> [YOUR ASSIGNMENT]:
Nothing should be dropped or changed: copy every line of the listing.

> [RECORDED INFORMATION]:

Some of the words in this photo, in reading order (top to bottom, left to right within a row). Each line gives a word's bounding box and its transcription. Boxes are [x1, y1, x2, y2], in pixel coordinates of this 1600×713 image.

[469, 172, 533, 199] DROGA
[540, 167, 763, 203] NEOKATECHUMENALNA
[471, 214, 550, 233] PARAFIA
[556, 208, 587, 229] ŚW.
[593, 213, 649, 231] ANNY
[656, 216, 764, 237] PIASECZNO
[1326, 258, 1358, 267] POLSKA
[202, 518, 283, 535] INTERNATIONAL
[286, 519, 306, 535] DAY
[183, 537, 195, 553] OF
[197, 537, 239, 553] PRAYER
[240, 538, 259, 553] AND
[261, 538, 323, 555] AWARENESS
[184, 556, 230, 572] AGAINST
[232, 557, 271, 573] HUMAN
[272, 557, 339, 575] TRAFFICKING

> [WRITTEN ANSWER]:
Some of the words in this photo, in reading order (top to bottom, left to right within a row). Each line gives a word's bounding box and its transcription. Boxes are [x1, y1, x2, y2], in pixel coordinates of this 1600×713 image.

[469, 172, 533, 199] DROGA
[540, 167, 763, 203] NEOKATECHUMENALNA
[471, 214, 550, 233] PARAFIA
[556, 208, 587, 229] ŚW.
[593, 213, 649, 231] ANNY
[656, 216, 764, 237] PIASECZNO
[1326, 258, 1358, 267] POLSKA
[202, 518, 283, 535] INTERNATIONAL
[286, 519, 306, 535] DAY
[183, 537, 195, 553] OF
[197, 537, 239, 553] PRAYER
[240, 538, 259, 553] AND
[261, 538, 323, 555] AWARENESS
[184, 556, 230, 572] AGAINST
[232, 557, 271, 573] HUMAN
[272, 557, 339, 575] TRAFFICKING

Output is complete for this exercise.